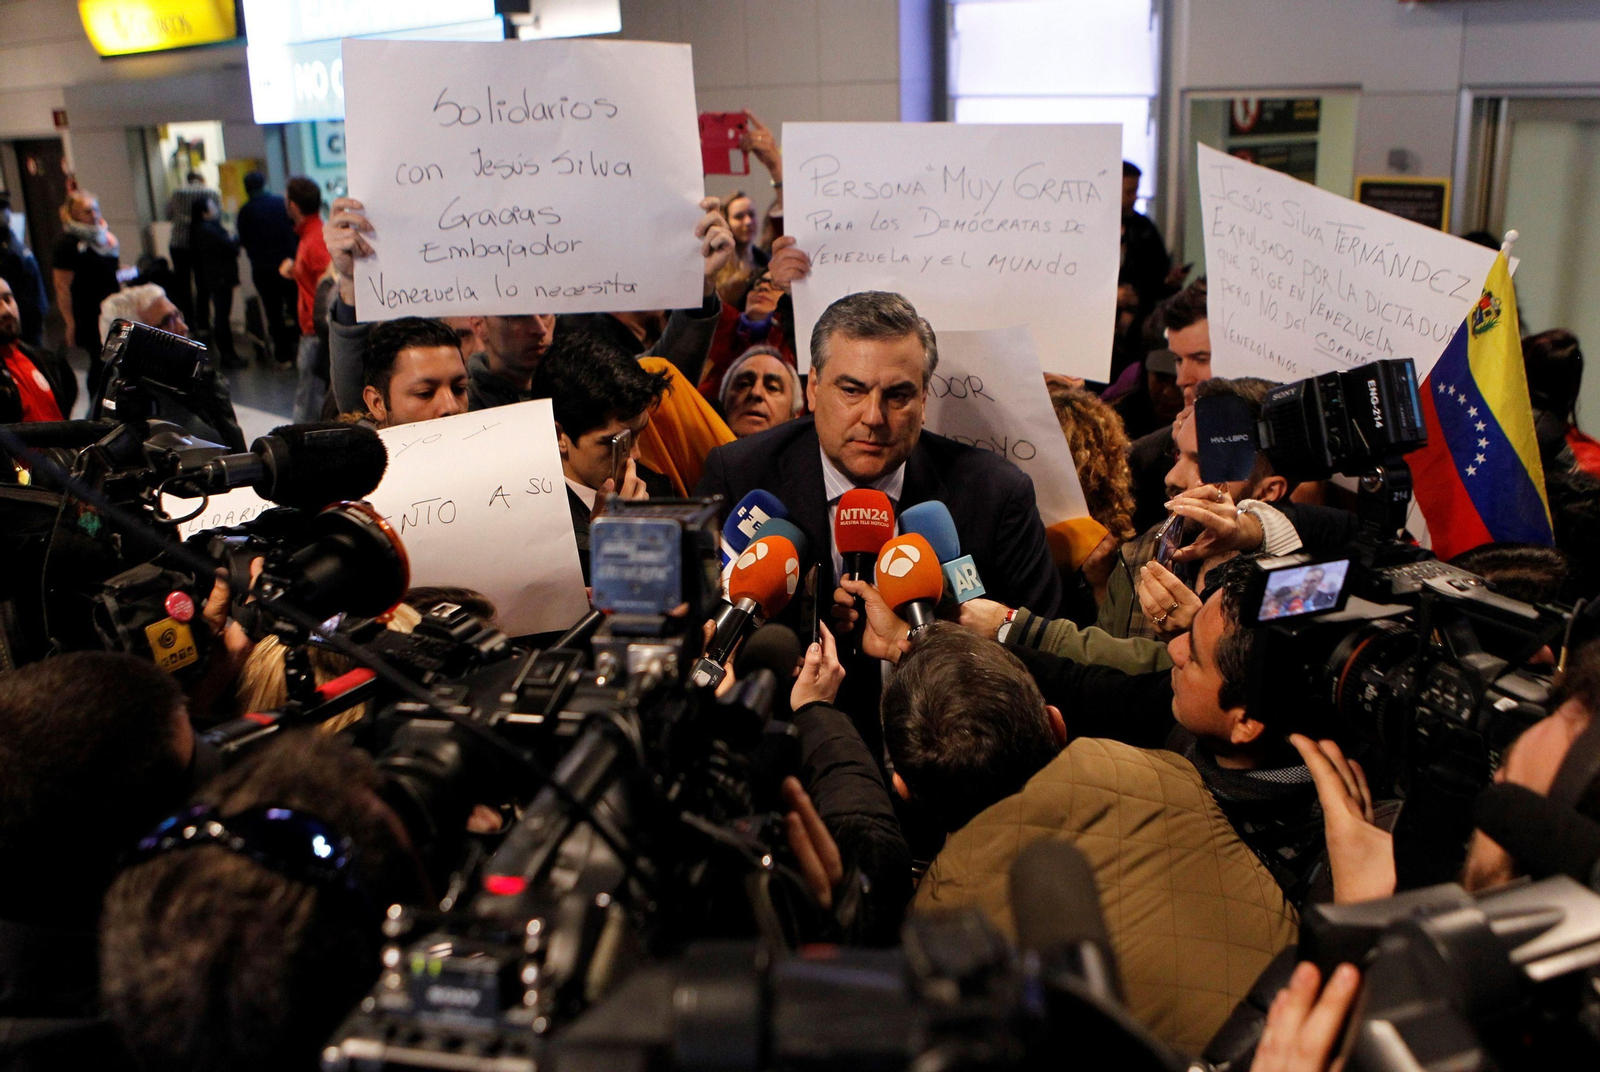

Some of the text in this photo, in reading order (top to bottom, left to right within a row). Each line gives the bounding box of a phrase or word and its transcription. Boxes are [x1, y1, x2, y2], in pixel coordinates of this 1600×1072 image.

[433, 86, 618, 127] Solidarios
[396, 147, 632, 186] con Jesús Silva
[800, 154, 926, 201] PERSONA
[438, 196, 562, 231] Gracias
[806, 206, 1086, 238] PARA LOS DEMÓCRATAS DE
[419, 234, 583, 267] Embajador
[940, 250, 971, 268] EL
[368, 272, 638, 309] Venezuela lo necesita
[1289, 284, 1305, 302] EN
[1302, 259, 1333, 294] POR
[1338, 267, 1358, 303] LA
[1271, 387, 1297, 401] SONY
[488, 485, 512, 508] A
[525, 477, 553, 494] SU
[840, 508, 889, 522] NTN24
[955, 561, 983, 595] AR

■ ■ ■ ■

** Your goal **
Print all entries exactly. The images do not belong in the copy.

** Response area **
Some of the text in this photo, in reading order (top to bottom, left to right within a row). Each line gives the bounding box of a phrase or word and its transcription. Boxes are [x1, y1, x2, y2], in pixel coordinates of this 1600×1072 image.

[433, 86, 618, 127] Solidarios
[396, 147, 632, 186] con Jesús Silva
[800, 154, 926, 201] PERSONA
[438, 196, 562, 231] Gracias
[806, 206, 1086, 238] PARA LOS DEMÓCRATAS DE
[419, 234, 583, 267] Embajador
[940, 250, 971, 268] EL
[368, 272, 638, 309] Venezuela lo necesita
[1289, 284, 1305, 302] EN
[1302, 259, 1333, 294] POR
[1338, 267, 1358, 303] LA
[1271, 387, 1297, 401] SONY
[488, 485, 512, 508] A
[525, 477, 553, 494] SU
[840, 508, 889, 522] NTN24
[955, 561, 983, 595] AR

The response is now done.